▶ WHAT THE TASK REQUIRES:
All entries below are to be written out again exactly, but no picture is to be copied.

▶ SUPPLIED DATA:
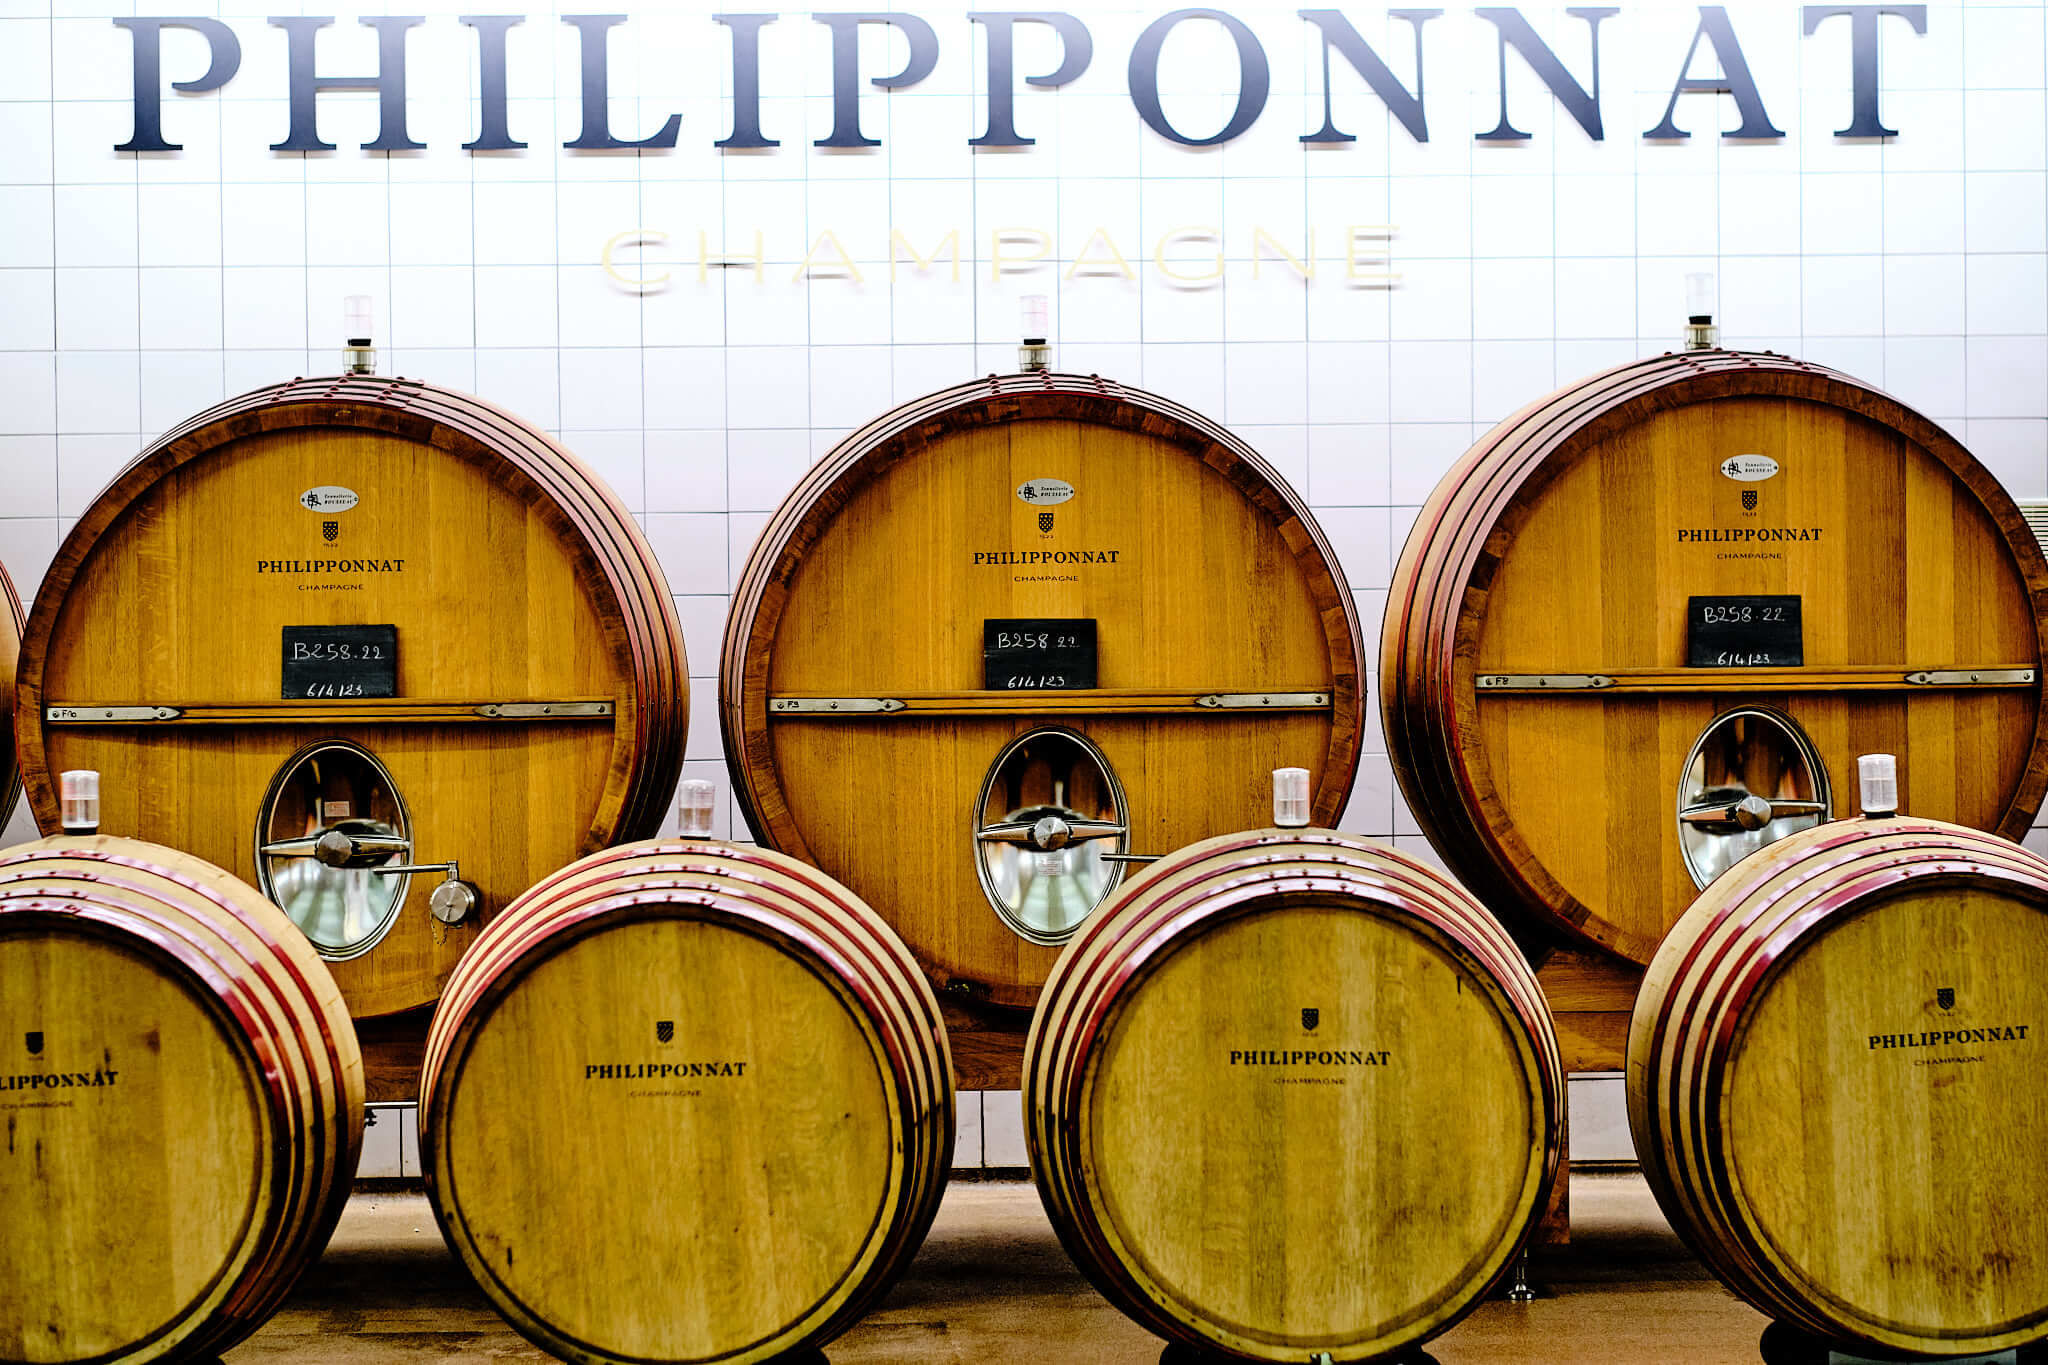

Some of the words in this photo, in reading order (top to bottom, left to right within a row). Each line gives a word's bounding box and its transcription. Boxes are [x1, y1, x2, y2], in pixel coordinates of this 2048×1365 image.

[113, 4, 1928, 152] PHILIPPONNAT
[601, 224, 1403, 291] CHAMPAGNE
[1678, 528, 1823, 543] PHILIPPONNAT
[974, 550, 1120, 565] PHILIPPONNAT
[1716, 552, 1782, 560] CHAMPAGNE
[257, 560, 405, 573] PHILIPPONNAT
[1717, 652, 1771, 666] 6/4/23
[1007, 675, 1065, 689] 6/4/23
[307, 683, 363, 697] 6/4/23
[1868, 1025, 2030, 1050] PHILIPPONNAT
[1230, 1050, 1392, 1066] PHILIPPONNAT
[585, 1062, 747, 1079] PHILIPPONNAT
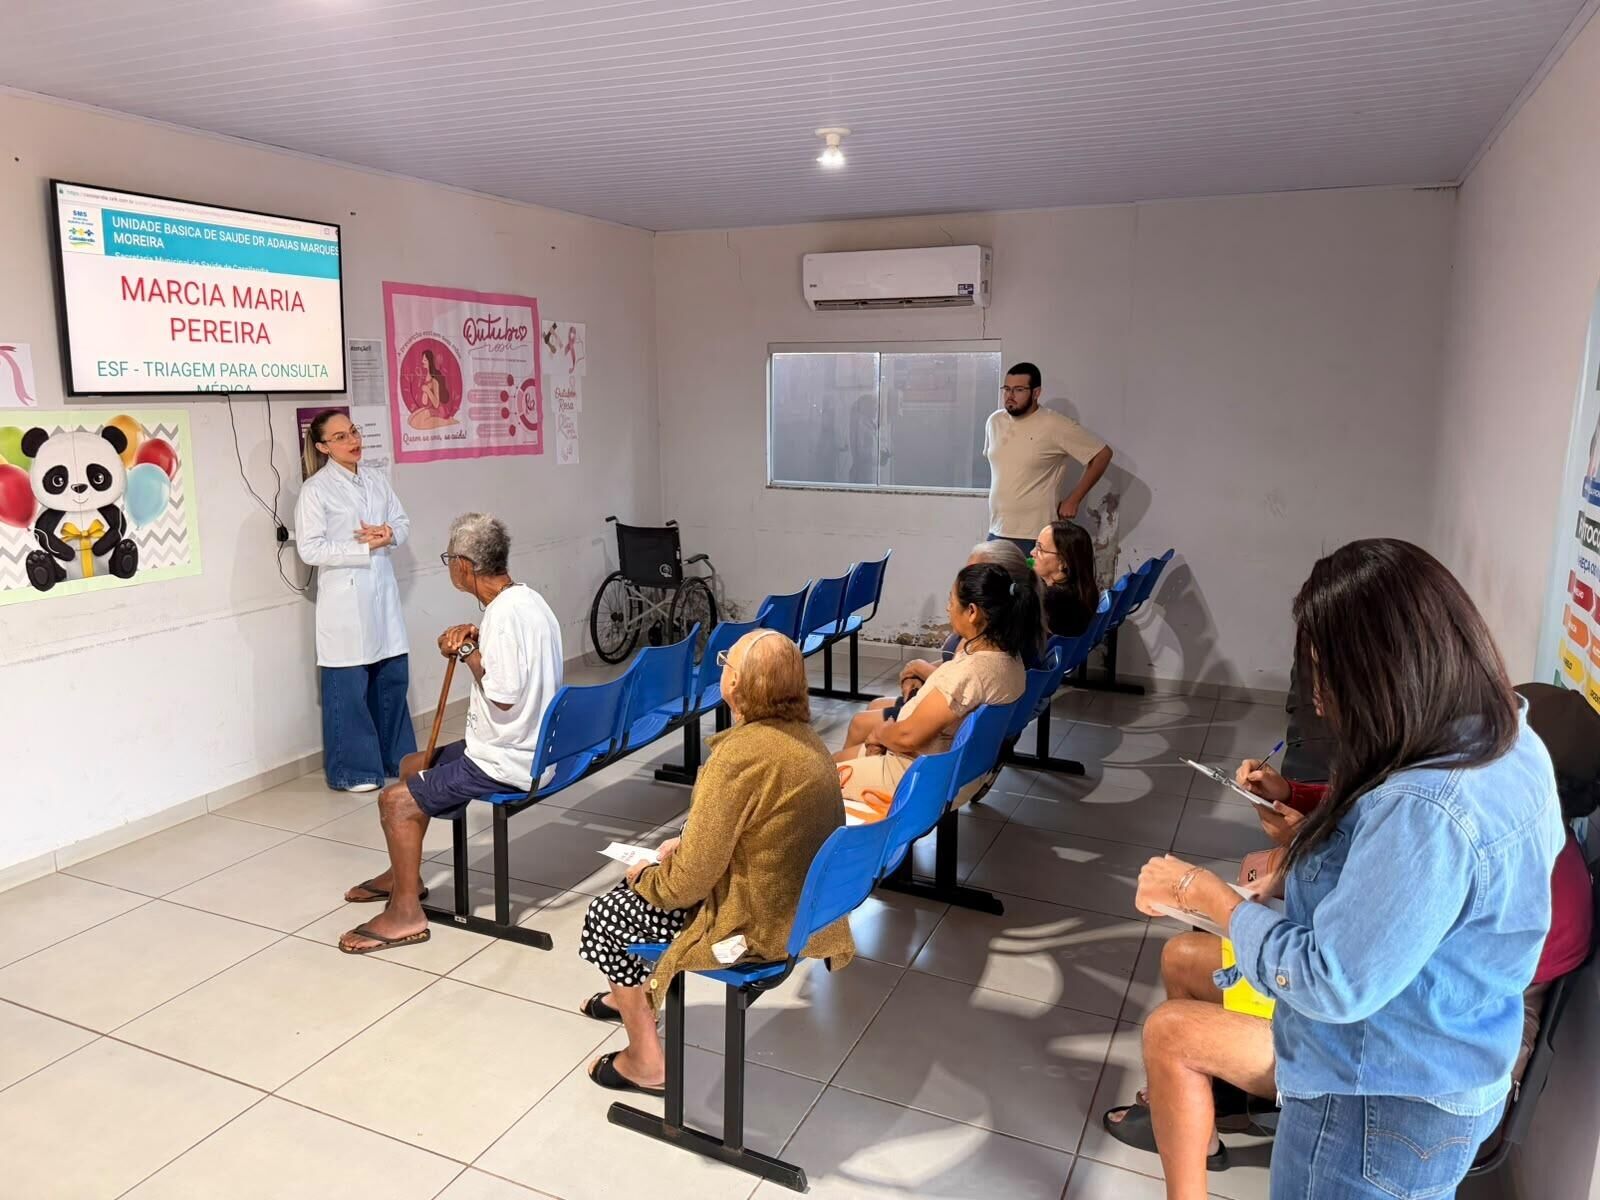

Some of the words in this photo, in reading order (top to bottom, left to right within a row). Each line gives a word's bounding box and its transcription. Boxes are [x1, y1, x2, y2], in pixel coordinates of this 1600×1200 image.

[112, 216, 162, 233] UNIDADE
[164, 223, 202, 238] BASICA
[203, 229, 217, 240] DE
[219, 230, 251, 245] SAUDE
[252, 235, 265, 247] DR
[266, 237, 299, 251] ADAIAS
[300, 242, 339, 256] MARQUES
[113, 232, 165, 248] MOREIRA
[121, 275, 226, 307] MARCIA
[232, 285, 305, 312] MARIA
[170, 317, 271, 344] PEREIRA
[463, 313, 527, 346] Outubro
[97, 361, 129, 377] ESF
[143, 361, 215, 377] TRIAGEM
[219, 362, 257, 377] PARA
[261, 363, 329, 378] CONSULTA

▶ ANSWER BOX:
Some of the words in this photo, in reading order (top to bottom, left to right within a row). Each line gives a word's bounding box and its transcription. Boxes are [x1, y1, x2, y2], in pixel coordinates of this 2048×1365 image.

[113, 4, 1928, 152] PHILIPPONNAT
[601, 224, 1403, 291] CHAMPAGNE
[1678, 528, 1823, 543] PHILIPPONNAT
[974, 550, 1120, 565] PHILIPPONNAT
[1716, 552, 1782, 560] CHAMPAGNE
[257, 560, 405, 573] PHILIPPONNAT
[1717, 652, 1771, 666] 6/4/23
[1007, 675, 1065, 689] 6/4/23
[307, 683, 363, 697] 6/4/23
[1868, 1025, 2030, 1050] PHILIPPONNAT
[1230, 1050, 1392, 1066] PHILIPPONNAT
[585, 1062, 747, 1079] PHILIPPONNAT

Some of the words in this photo, in reading order (top to bottom, left to right within a row). Each line gives a word's bounding box and its transcription. Boxes are [x1, y1, x2, y2], in pixel coordinates of this 1600×1200 image.

[112, 216, 162, 233] UNIDADE
[164, 223, 202, 238] BASICA
[203, 229, 217, 240] DE
[219, 230, 251, 245] SAUDE
[252, 235, 265, 247] DR
[266, 237, 299, 251] ADAIAS
[300, 242, 339, 256] MARQUES
[113, 232, 165, 248] MOREIRA
[121, 275, 226, 307] MARCIA
[232, 285, 305, 312] MARIA
[170, 317, 271, 344] PEREIRA
[463, 313, 527, 346] Outubro
[97, 361, 129, 377] ESF
[143, 361, 215, 377] TRIAGEM
[219, 362, 257, 377] PARA
[261, 363, 329, 378] CONSULTA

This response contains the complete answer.